:: Task objective ::
Leave the pictures behind and reproduce every line of the listing exactly.
____ Data
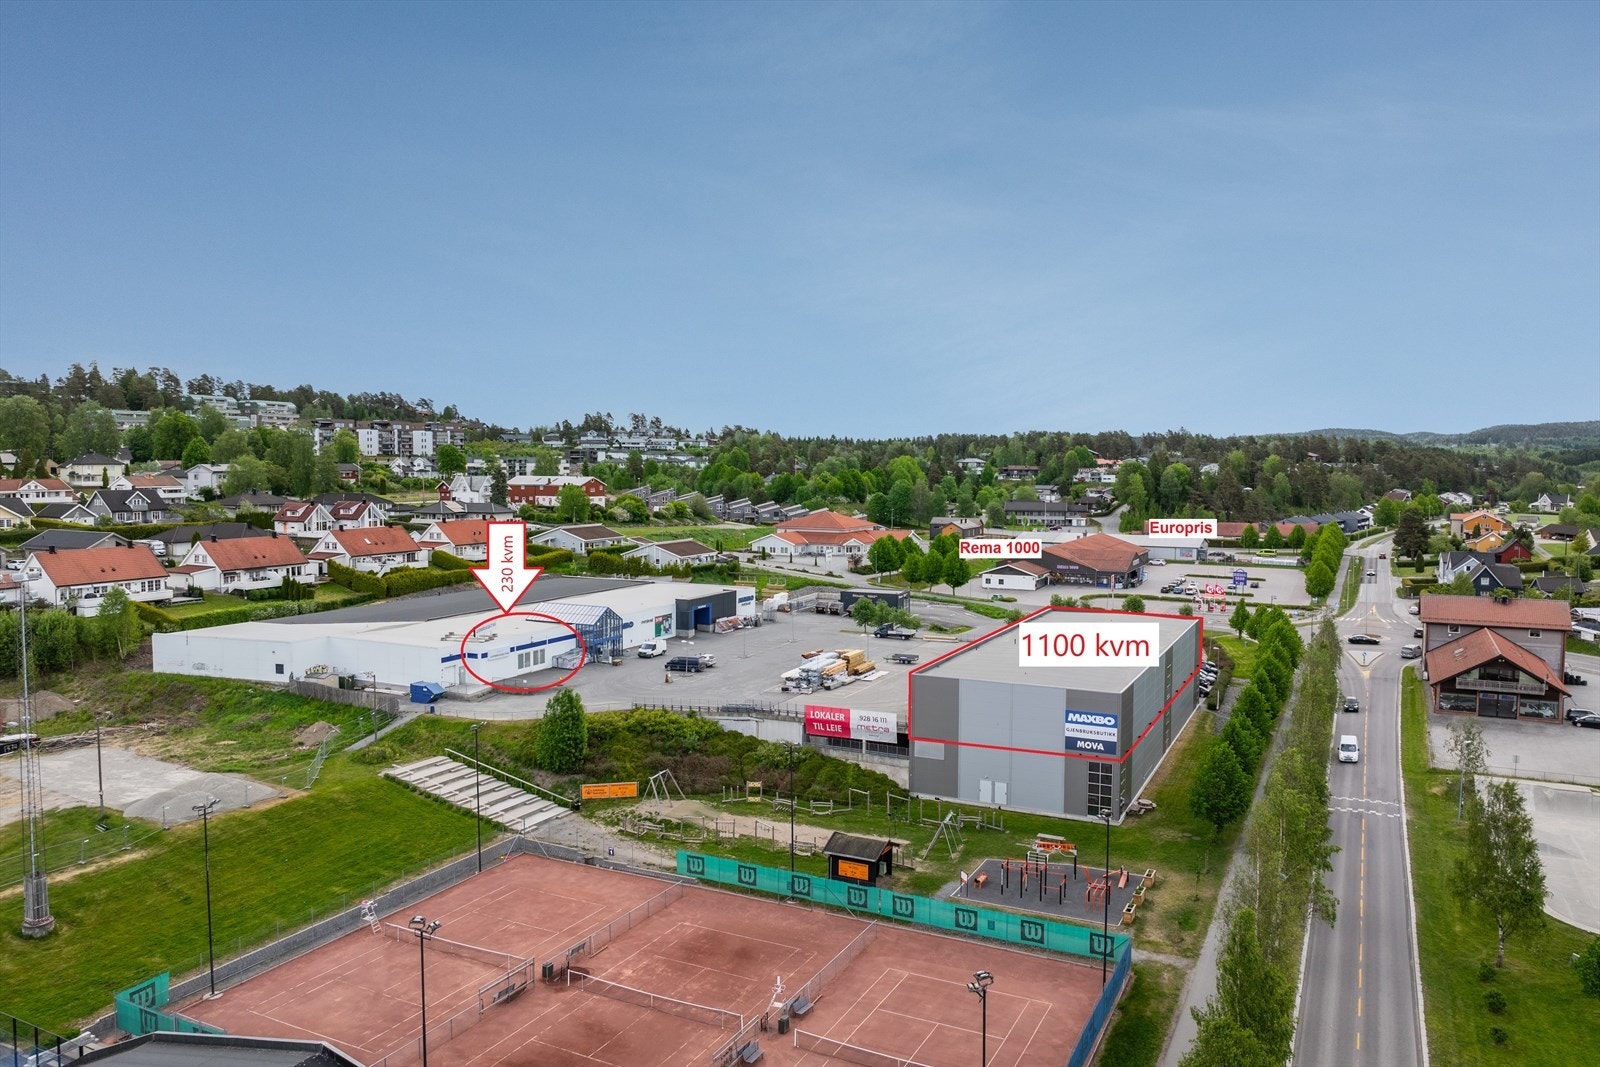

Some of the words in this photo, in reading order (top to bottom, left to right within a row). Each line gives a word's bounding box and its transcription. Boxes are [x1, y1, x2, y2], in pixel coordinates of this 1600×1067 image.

[810, 710, 845, 722] LOKALER
[1067, 712, 1116, 726] MAXBO
[812, 722, 825, 731] TIL
[826, 723, 843, 733] LEIE
[1065, 727, 1117, 737] GJENBRUKSBUTIKK
[1076, 740, 1105, 751] MOVA
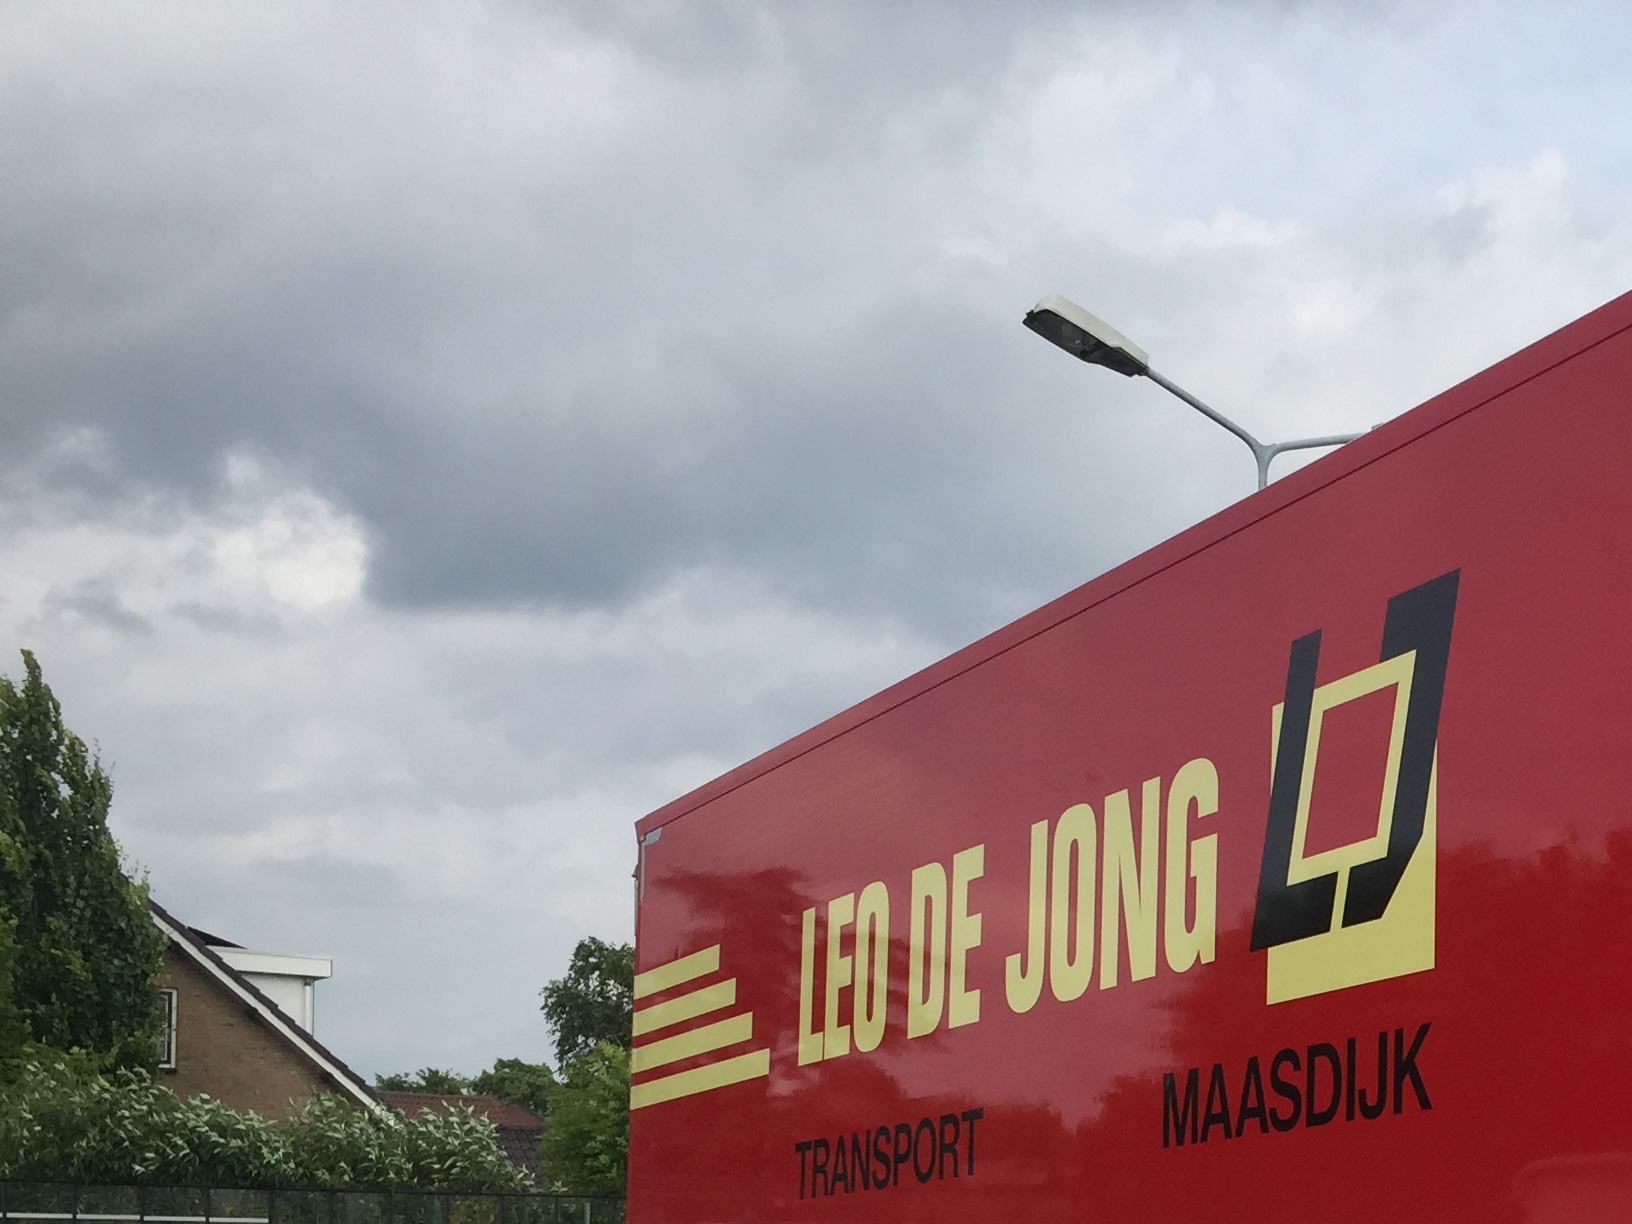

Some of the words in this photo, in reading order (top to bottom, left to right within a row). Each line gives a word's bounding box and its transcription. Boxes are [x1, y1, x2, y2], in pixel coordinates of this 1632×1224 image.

[798, 881, 889, 1066] LEO
[907, 844, 984, 1039] DE
[1005, 758, 1218, 1013] JONG
[1163, 1023, 1432, 1148] MAASDIJK
[796, 1108, 984, 1199] TRANSPORT
________
:: Written solution ::
Some of the words in this photo, in reading order (top to bottom, left to right within a row). Each line gives a word's bounding box and its transcription. Boxes are [x1, y1, x2, y2], in pixel coordinates of this 1600×1067 image.

[810, 710, 845, 722] LOKALER
[1067, 712, 1116, 726] MAXBO
[812, 722, 825, 731] TIL
[826, 723, 843, 733] LEIE
[1065, 727, 1117, 737] GJENBRUKSBUTIKK
[1076, 740, 1105, 751] MOVA

Some of the words in this photo, in reading order (top to bottom, left to right within a row). Each line gives a word's bounding box and its transcription. Boxes are [x1, y1, x2, y2], in pixel coordinates of this 1632×1224 image.

[798, 881, 889, 1066] LEO
[907, 844, 984, 1039] DE
[1005, 758, 1218, 1013] JONG
[1163, 1023, 1432, 1148] MAASDIJK
[796, 1108, 984, 1199] TRANSPORT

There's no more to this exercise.